Volkov, I., Rudoy, I., Freud, T., Sardal, G., Naimer, S., Peleg, R., and Press, Y.J Am Board Fam Med – 01-JAN-2009; 22(1): 9-16.

Objectives: Recurrent aphthous stomatitis is the most common oral lesion seen in primary care practice and occurs in an estimated 25% of the general population. The objective of the current study was to validate and confirm previous observations on the benefits of Vitamin B₁₂ for the treatment of this patient population.

Methods: 58 patients were randomly divided into a treatment group (N=31) and a control (placebo) group (N=27). The treatment group received 1000mcg of sublingual Vitamin B12 for 6 months. The control group received placebo for the same time period. Clinicians were blinded to group assignment. Clinical parameters measured were pain, number of ulcers, outbreak frequency, and duration of outbreak. 87% of the treatment group and 93% of the control group completed the study.

Results: During the last 2 months of the study, 15 patients (55.6%) from the treatment group and 4 patients (16%) from the control group were clinically determined to have reached the endpoint “no aphthous ulcers status” (P < .01).
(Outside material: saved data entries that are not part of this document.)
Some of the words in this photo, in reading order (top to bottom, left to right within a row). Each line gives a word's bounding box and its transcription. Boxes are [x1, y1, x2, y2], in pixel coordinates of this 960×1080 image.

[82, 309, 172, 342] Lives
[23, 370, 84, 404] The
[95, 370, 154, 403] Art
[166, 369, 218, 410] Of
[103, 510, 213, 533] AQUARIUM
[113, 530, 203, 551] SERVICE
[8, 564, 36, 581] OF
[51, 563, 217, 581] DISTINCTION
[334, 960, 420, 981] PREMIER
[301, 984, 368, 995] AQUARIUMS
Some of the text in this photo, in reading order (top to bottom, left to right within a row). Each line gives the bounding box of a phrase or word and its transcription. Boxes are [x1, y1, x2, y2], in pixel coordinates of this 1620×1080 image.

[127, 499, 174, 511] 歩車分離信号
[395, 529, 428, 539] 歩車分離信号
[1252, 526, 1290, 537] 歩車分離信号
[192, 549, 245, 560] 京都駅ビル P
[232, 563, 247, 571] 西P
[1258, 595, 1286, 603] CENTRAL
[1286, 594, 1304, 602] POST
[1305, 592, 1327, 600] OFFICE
The treatment group also had fewer outbreaks (P < .0001), less painful lesions (P < .0001) and shorter duration of outbreak (P < .0001).
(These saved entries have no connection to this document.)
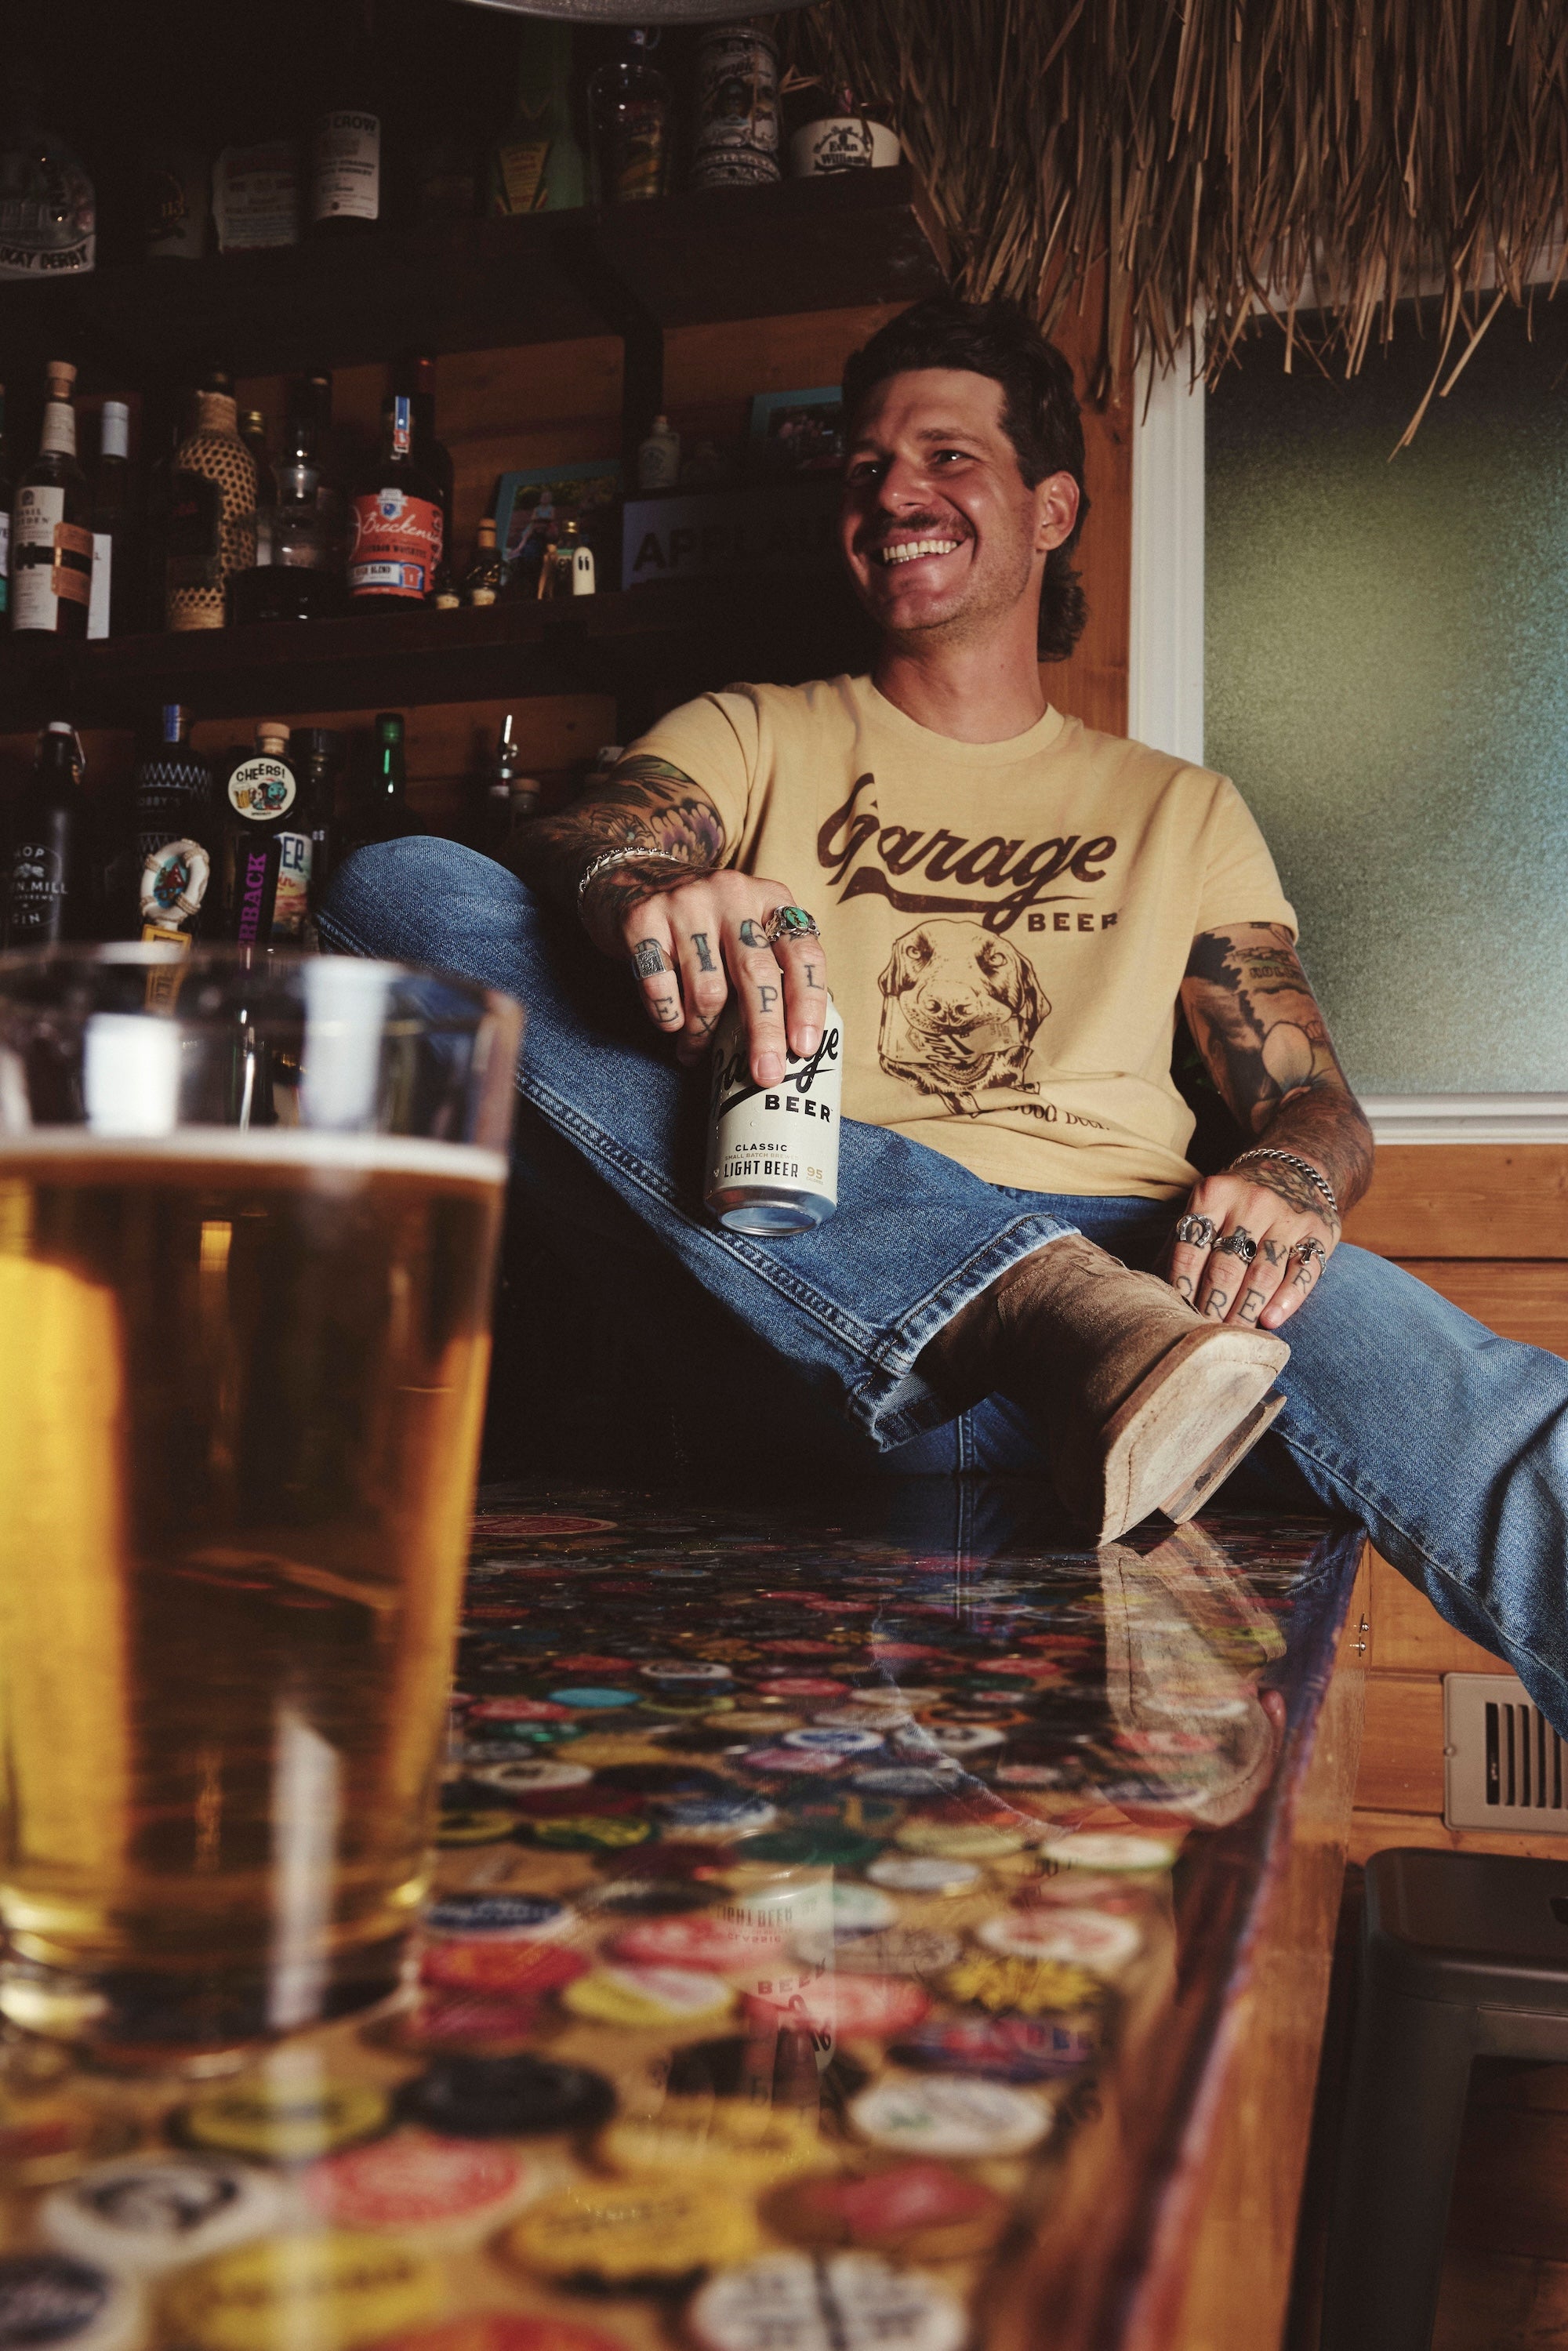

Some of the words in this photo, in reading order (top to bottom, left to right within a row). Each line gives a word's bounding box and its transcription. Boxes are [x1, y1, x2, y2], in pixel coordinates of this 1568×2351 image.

[333, 117, 376, 131] CROW
[41, 244, 87, 270] DERBY
[236, 764, 285, 782] CHEERS!
[816, 771, 1117, 934] Garage
[12, 912, 41, 925] GIN
[1028, 912, 1120, 933] BEER
[764, 1094, 830, 1123] BEER
[735, 1143, 788, 1152] CLASSIC
[724, 1160, 760, 1178] LIGHT
[764, 1160, 798, 1178] BEER
[807, 1166, 823, 1180] 95
Conclusions: Sublingual B12 at 1000mcg/d is an effective, safe and inexpensive treatment of recurrent aphthous stomatitis.
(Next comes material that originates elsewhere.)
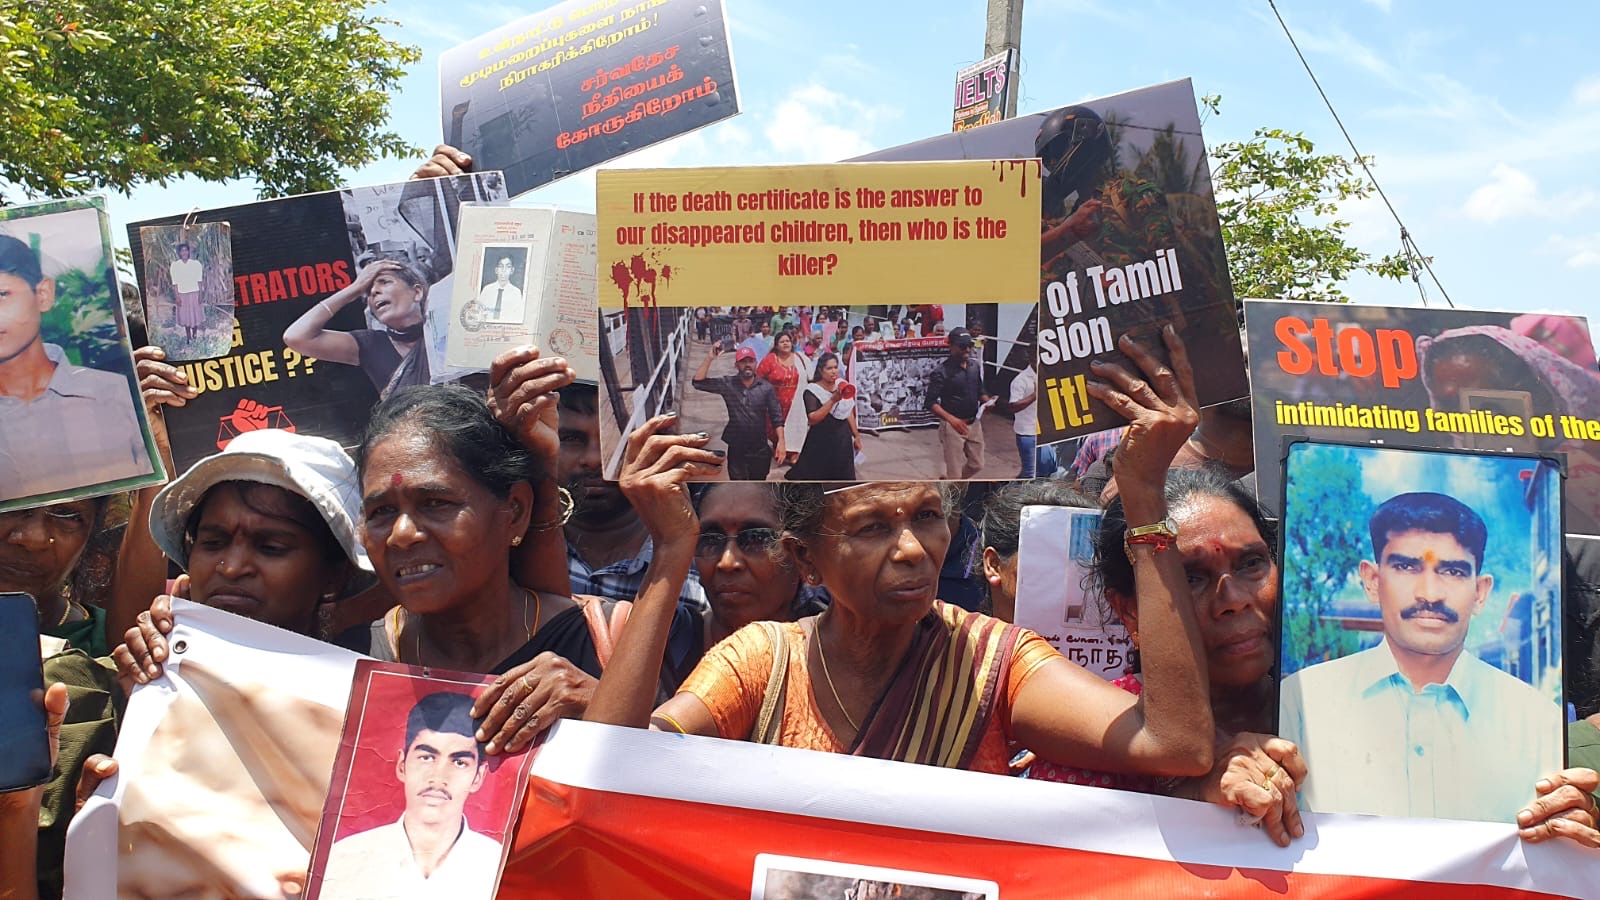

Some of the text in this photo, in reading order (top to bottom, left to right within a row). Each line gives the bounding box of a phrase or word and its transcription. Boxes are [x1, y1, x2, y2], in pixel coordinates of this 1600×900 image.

Successful Treatment of Chronic Erythema Nodosum with Vitamin B12

Volkov,I., Rudoy, I., and Press, Y.J Am Board Fam Pract 2005;18:567–9.

Objectives: To present a case study of a patient successfully treated with Vitamin B₁₂ for painful chronic erythema nodosum refractory to NSAIDs.

Methods: A 38 year old female vegetarian patient was diagnosed with chronic erythema nodosum, numbness in extremities and a sub-clinical deficiency of Vitamin B12. The patient was treated with biweekly intramuscular injections of 1000 mcg B12 for 4 weeks. This was followed by sublingual vitamin B12 (1000mcg, biweekly).

Results: The numbness and rash began to show clinical signs of improvement within 2 weeks of treatment initiation. No recurrence of symptoms were reported.

Conclusions: Physicians should check for subclinical deficiency of B₁₂ in patients presenting with erythema nodosum or extremity numbness.